Received: 18 June 2009

Accepted: 22 July 2009

Published: 28 September 2009

Abstract

Background

The diagnostic tools to predict the prognosis in patients suffering from breast cancer (BC) need further improvements. New technological achievements like the gene profiling of circulating tumour cells (CTC) could help identify new prognostic markers in the clinical setting. Furthermore, gene expression patterns of CTC might provide important informations on the mechanisms of tumour cell metastasation.

Materials and methods

We performed realtime-PCR and multiplex-PCR analyses following immunomagnetic separation of CTC. Peripheral blood (PB) samples of 63 patients with breast cancer of various stages were analyzed and compared to a control group of 14 healthy individuals. After reverse-transcription, we performed multiplex PCR using primers for the genes ga733.3, muc-1 and c-erbB2. Mammaglobin1, spdef and c-erbB2 were analyzed applying realtime-PCR.

Results

ga733.2 overexpression was found in 12.7% of breast cancer cases, muc-1 in 15.9%, mgb1 in 9.1% and spdef in 12.1%. In this study, c-erbB2 did not show any significant correlation to BC, possibly due to a highly ambient expression. Besides single gene analyses, gene profiles were additionally evaluated. Highly significant correlations to BC were found in single gene analyses of ga733.2 and muc-1 and in gene profile analyses of ga733.3*muc-1 and GA7 ga733.3*muc-1*mgb1*spdef.

Conclusion

Our study reveals that the single genes ga733.3, muc-1 and the gene profiles ga733.3*muc-1 and ga733.3*3muc-1*mgb1*spdef can serve as markers for the detection of CTC in BC. The multigene analyses found highly positive levels in BC patients. Our study indicates that not single gene analyses but subtle patterns of multiple genes lead to rising accuracy and low loss of specificity in detection of breast cancer cases.

Keywords

Mamma carcinoma pcr gene profile

Introduction

Circulating tumour cells (CTC) have been shown to play a major role in breast cancer (BC) tumour biology and may have a prognostic value in patients with metastatic disease [1] Primary tumour architectural characteristics may define its ability to metastize [2, 4548]. Weak cell-cell connections lead to the dissemination of tumour cells via blood and lymph vessels [3]. Tumour cells entering the circulation depend on the organ microenvironment in order to be able to colonize tissues and to proliferate [47].
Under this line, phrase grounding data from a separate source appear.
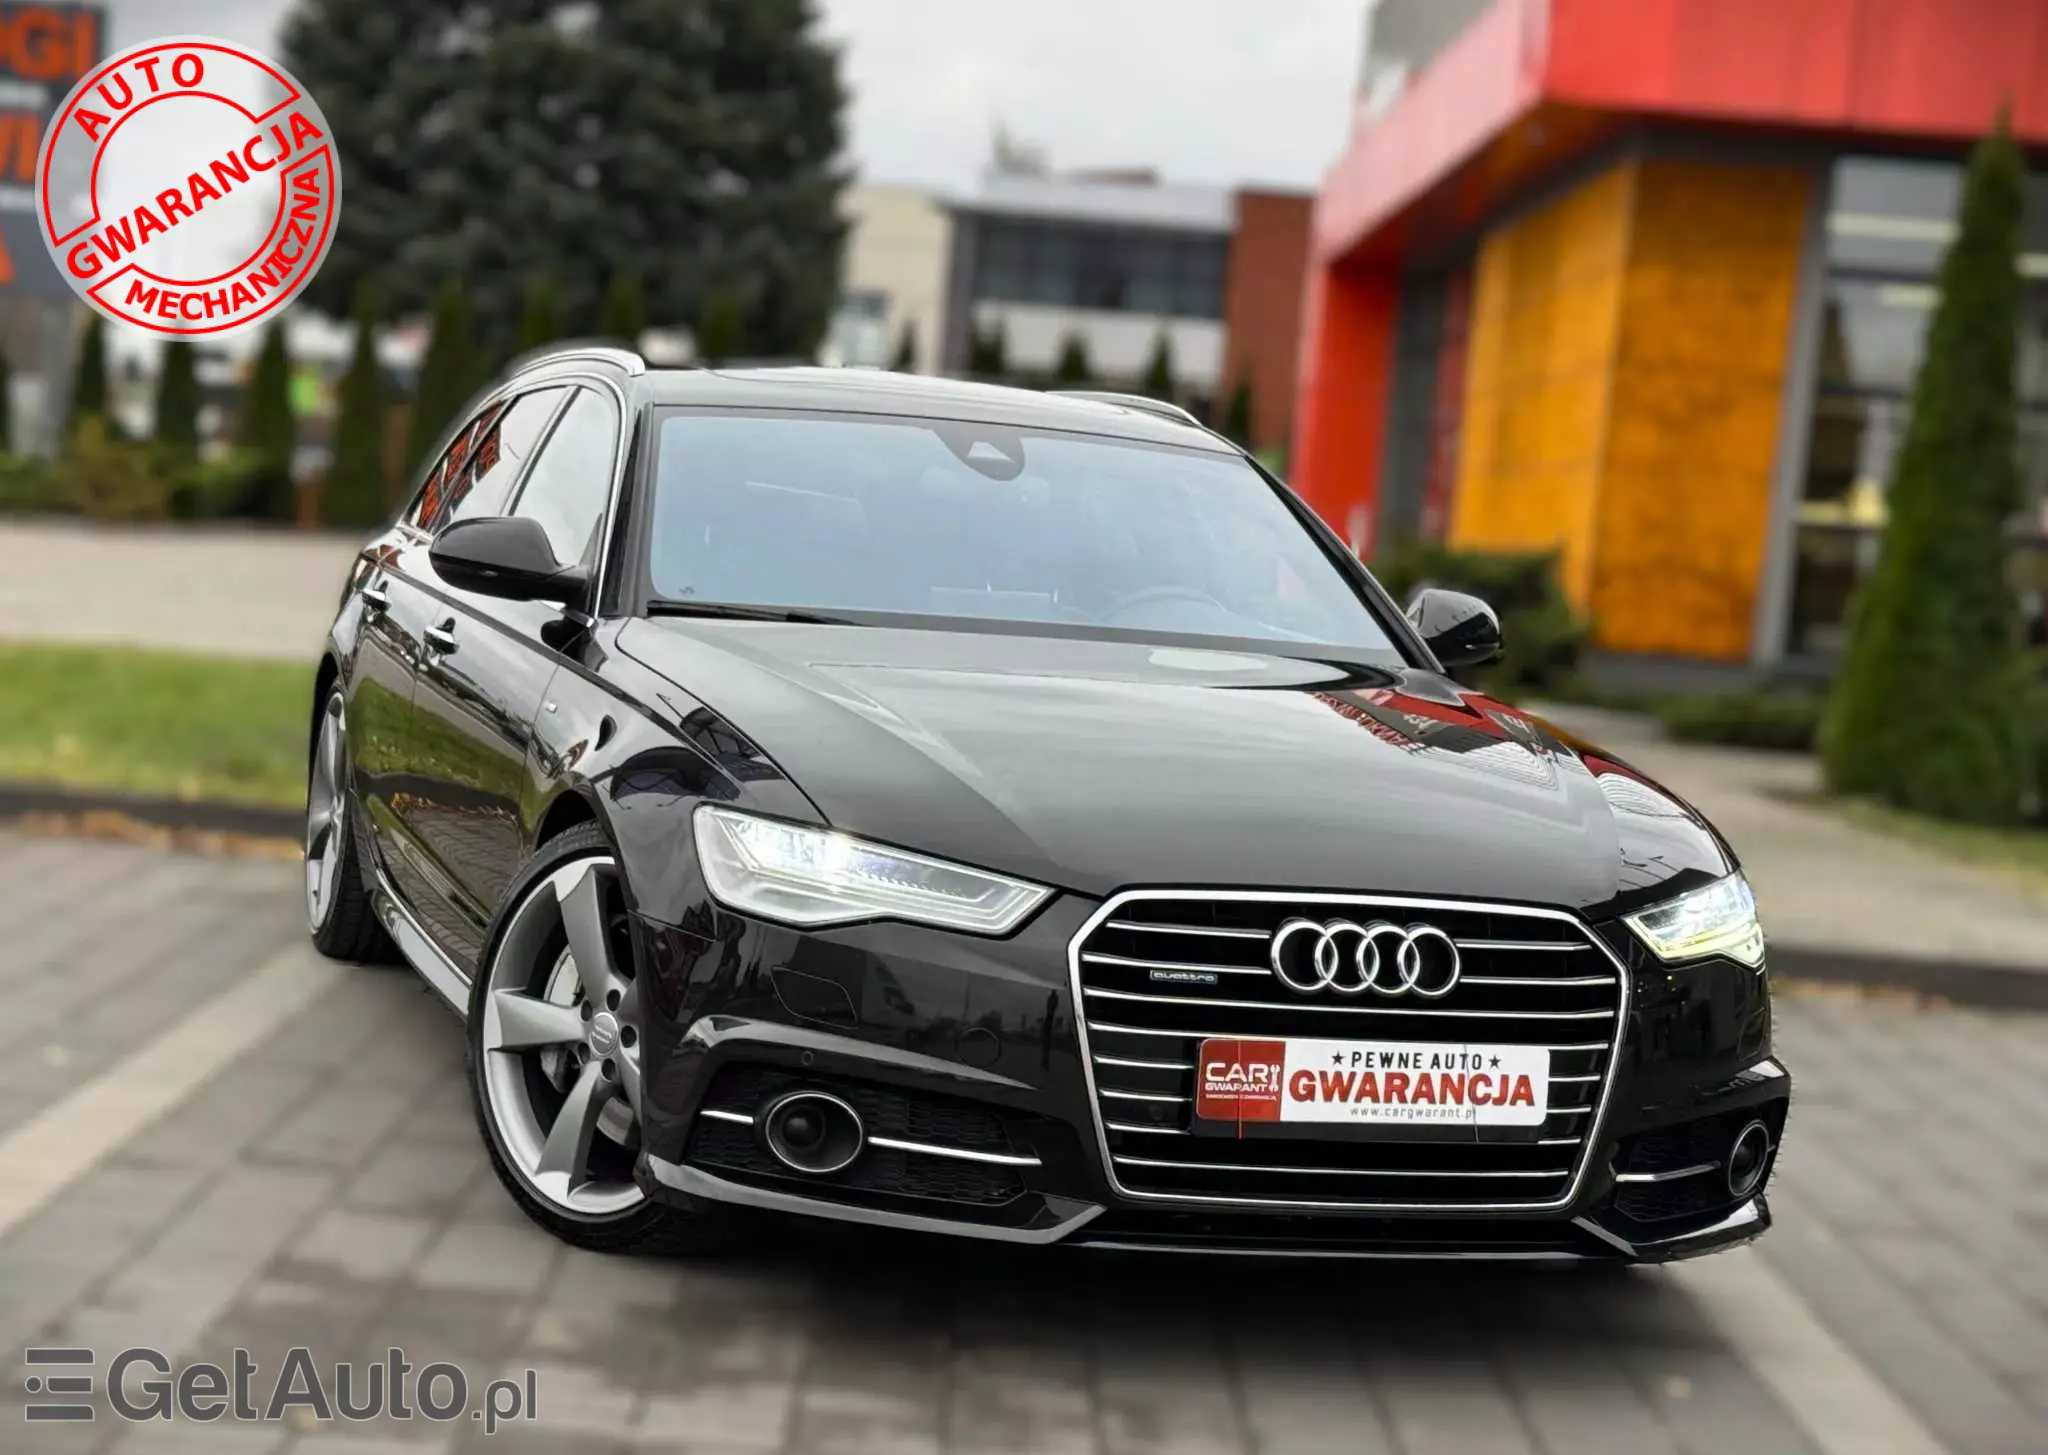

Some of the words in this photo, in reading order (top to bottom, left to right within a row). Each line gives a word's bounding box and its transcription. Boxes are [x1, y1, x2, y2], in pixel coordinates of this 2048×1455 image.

[1153, 970, 1215, 982] quattro
[1351, 1051, 1423, 1069] PEWNE
[1430, 1053, 1482, 1070] AUTO
[1206, 1062, 1268, 1083] CAR
[1204, 1082, 1268, 1092] GWARANT
[1289, 1070, 1535, 1107] GWARANCJA
[1350, 1107, 1476, 1120] www.cargwarant.pl
Altered gene expression is held responsible for a transformed behaviour of tumour tissue [811] and may distinguish CTC from healthy cells [12, 13]. However, it remains unclear which genes allow a specific detection of CTC. Furthermore, inter-individual variations in gene expression levels due to certain genetic polymorphism additionally challenge these investigations.

The relatively small amount of CTC in PB of cancer patients led to the development of improved detection systems and cell enrichment [1, 14]. Several approaches of immunomagnetic enrichment of CTC in samples of PB have been investigated [1517]. Beads coated with monoclonal antibodies (mcAb) against epithelial surface proteins achieve a precise detection and extraction of epithelial and carcinoma cells from PB. Subsequently, enriched CTC can be detected by reverse transcriptase polymerase chain reaction (RTPCR) of altered marker genes putatively supposed to be tumour predictive. Several investigations have analysed various genetic markers to detect CTC.

A French study showed an over expression of Mucin 1 (muc-1), a gene coding for a polymorphic epithelial surface phosphoprotein. This study included both patients with benign breast disease and advanced BC and indicated a significant correlation between the presence of muc1-positive cells and tumour staging [18]. These findings were reproduced by Felton et al. showing similar results in patients with advanced disease [19].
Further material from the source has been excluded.